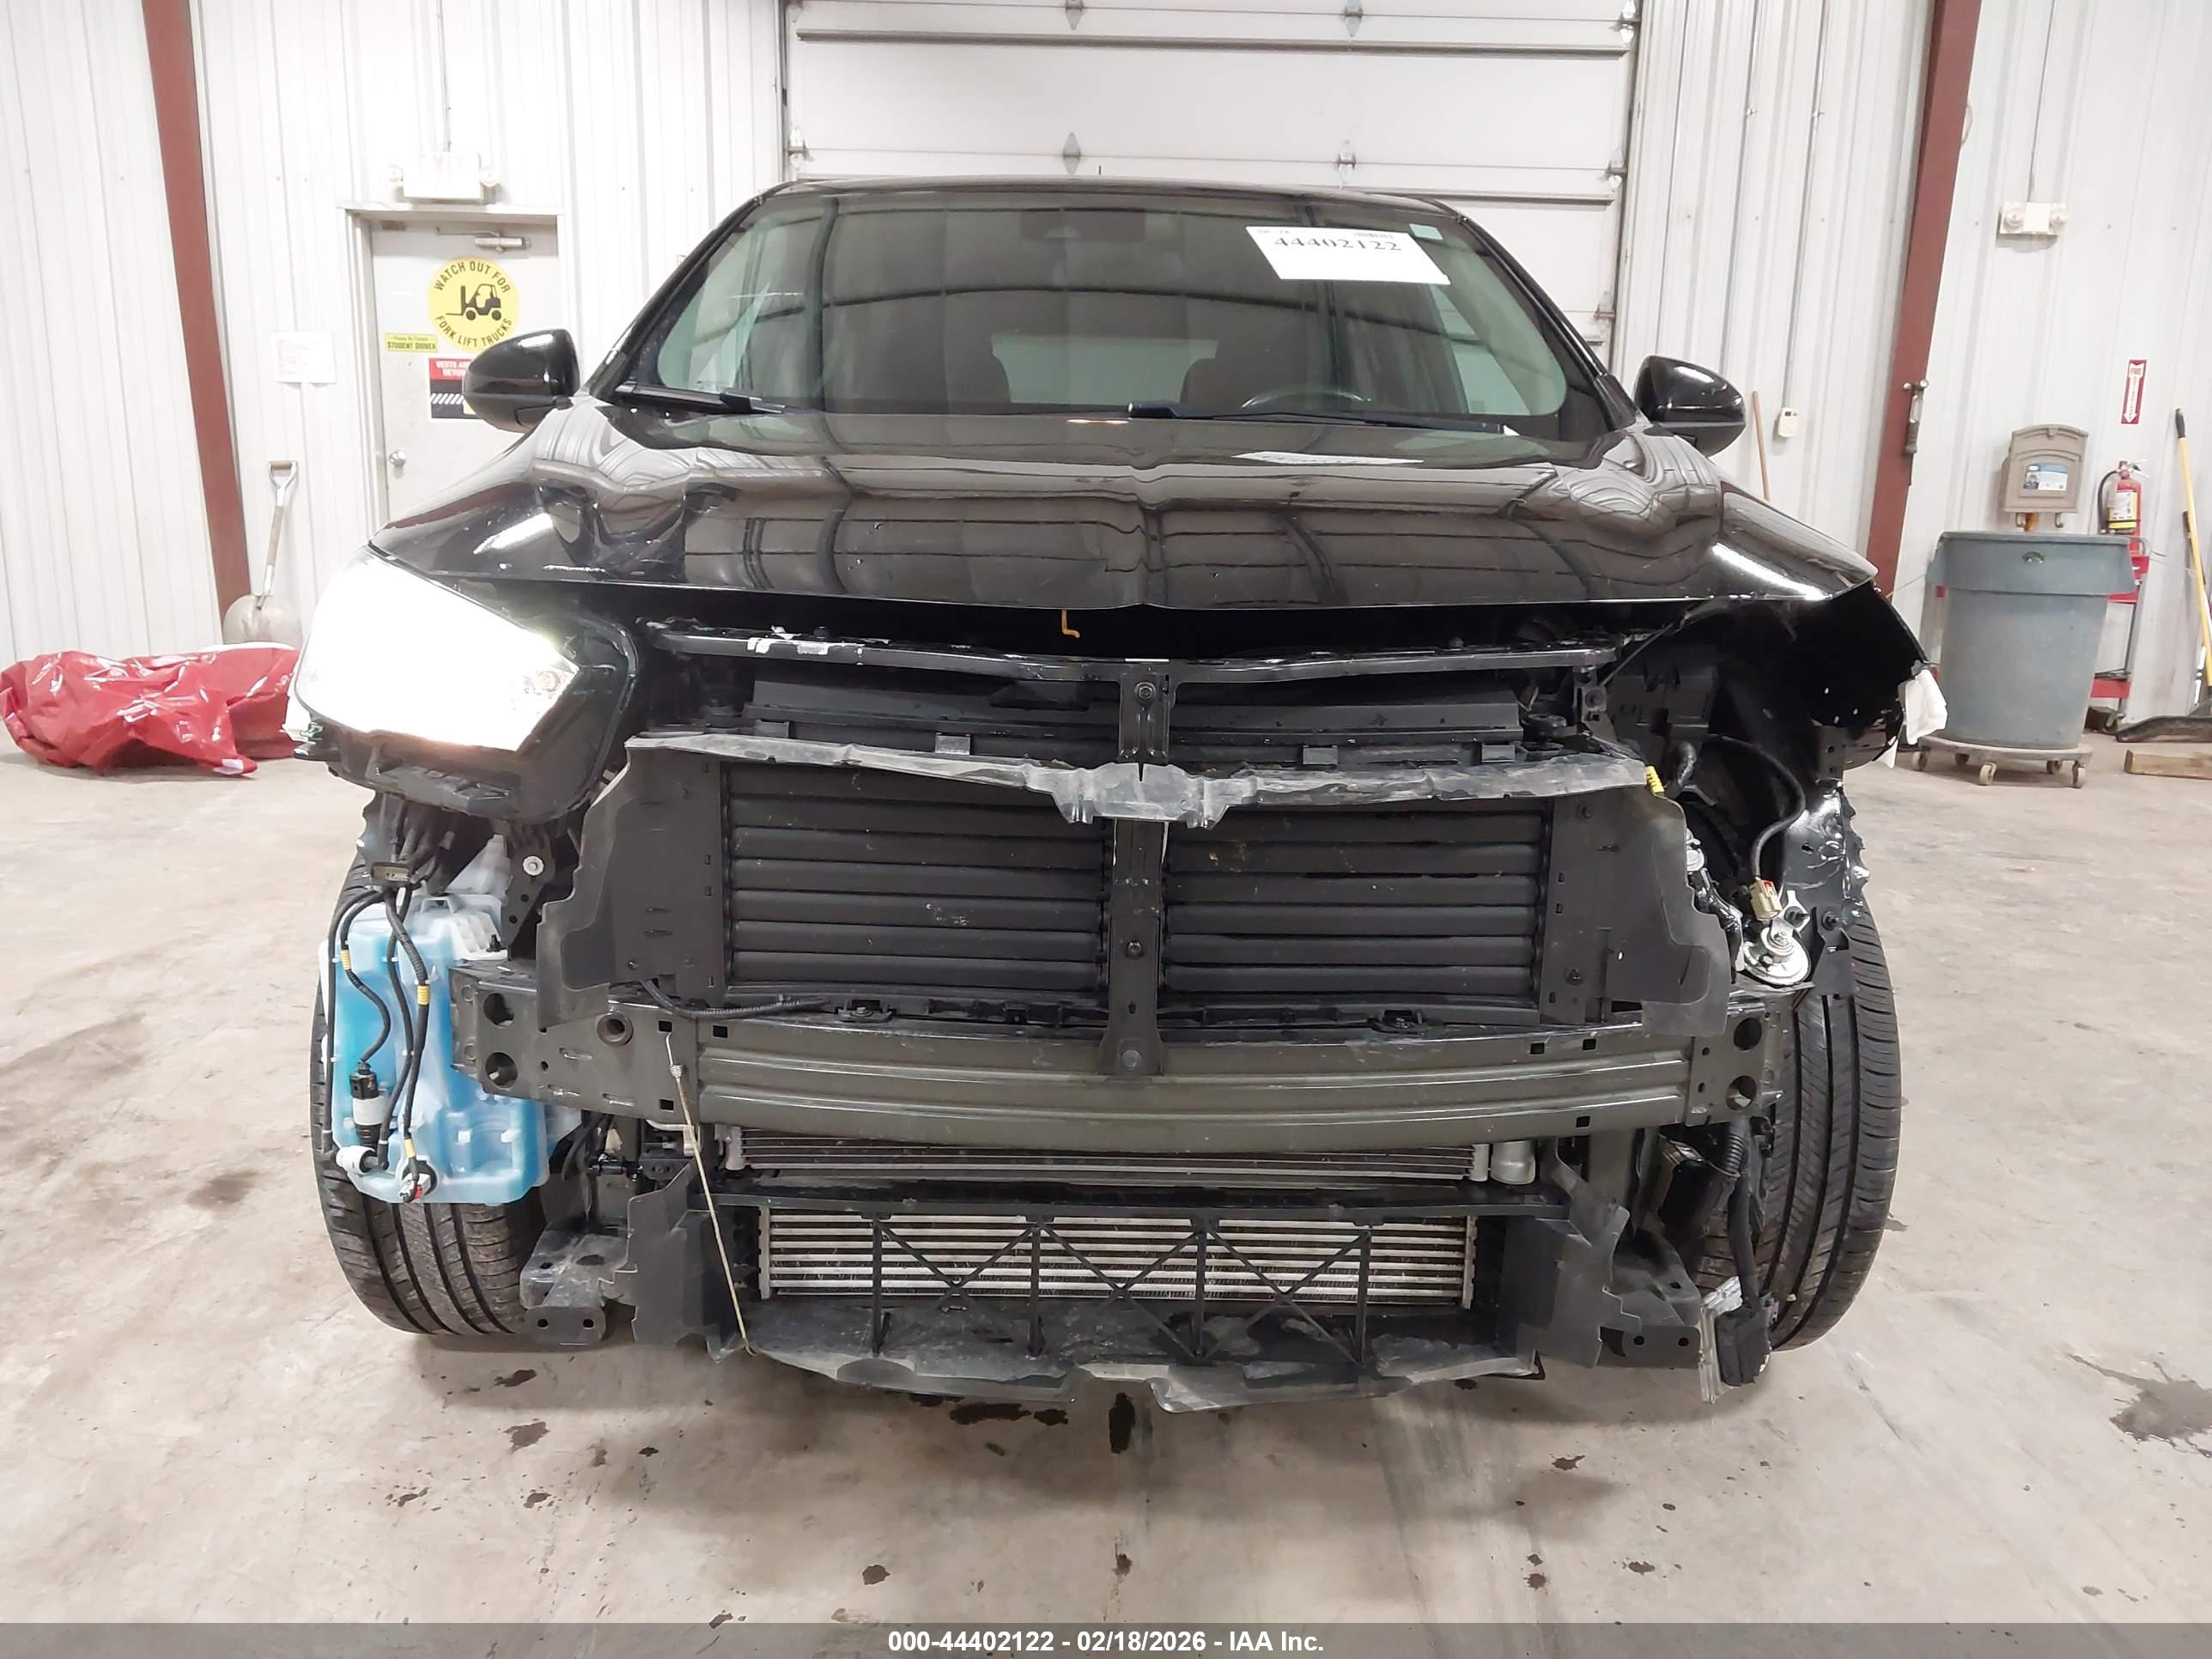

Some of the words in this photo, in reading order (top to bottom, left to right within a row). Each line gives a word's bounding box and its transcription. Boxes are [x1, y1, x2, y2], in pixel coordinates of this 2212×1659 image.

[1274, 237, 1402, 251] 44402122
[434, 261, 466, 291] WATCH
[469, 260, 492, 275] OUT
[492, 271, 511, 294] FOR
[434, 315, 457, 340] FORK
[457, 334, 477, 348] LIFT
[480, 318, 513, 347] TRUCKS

—————

What to do »
Repeat the material verbatim. Do not carry over any picture.

Answer to the problem »
Some of the words in this photo, in reading order (top to bottom, left to right within a row). Each line gives a word's bounding box and its transcription. Boxes are [x1, y1, x2, y2], in pixel coordinates of this 2212×1659 image.

[1274, 237, 1402, 251] 44402122
[434, 261, 466, 291] WATCH
[469, 260, 492, 275] OUT
[492, 271, 511, 294] FOR
[434, 315, 457, 340] FORK
[457, 334, 477, 348] LIFT
[480, 318, 513, 347] TRUCKS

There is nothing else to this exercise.